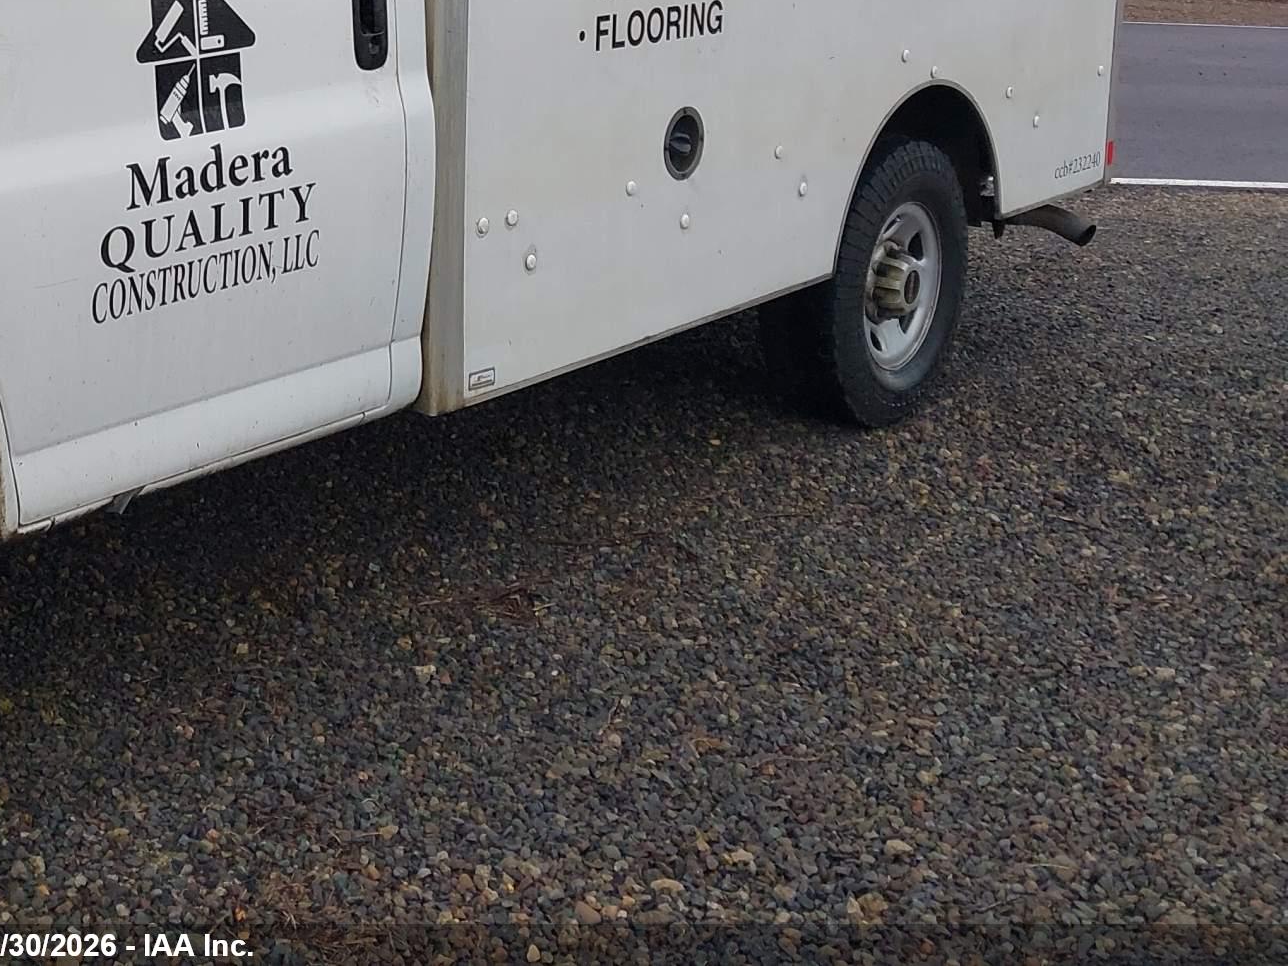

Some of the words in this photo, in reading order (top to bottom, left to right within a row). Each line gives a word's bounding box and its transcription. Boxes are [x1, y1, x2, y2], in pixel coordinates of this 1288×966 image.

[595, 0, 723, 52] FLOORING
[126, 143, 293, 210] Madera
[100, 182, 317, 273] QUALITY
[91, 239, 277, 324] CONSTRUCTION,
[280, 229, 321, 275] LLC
====================
**WHAT THE TASK REQUIRES**
Without including the pictures, reproduce all entries exactly.

**RESULT OF THIS EXERCISE**
Some of the words in this photo, in reading order (top to bottom, left to right within a row). Each line gives a word's bounding box and its transcription. Boxes are [x1, y1, x2, y2], in pixel coordinates of this 1288×966 image.

[595, 0, 723, 52] FLOORING
[126, 143, 293, 210] Madera
[100, 182, 317, 273] QUALITY
[91, 239, 277, 324] CONSTRUCTION,
[280, 229, 321, 275] LLC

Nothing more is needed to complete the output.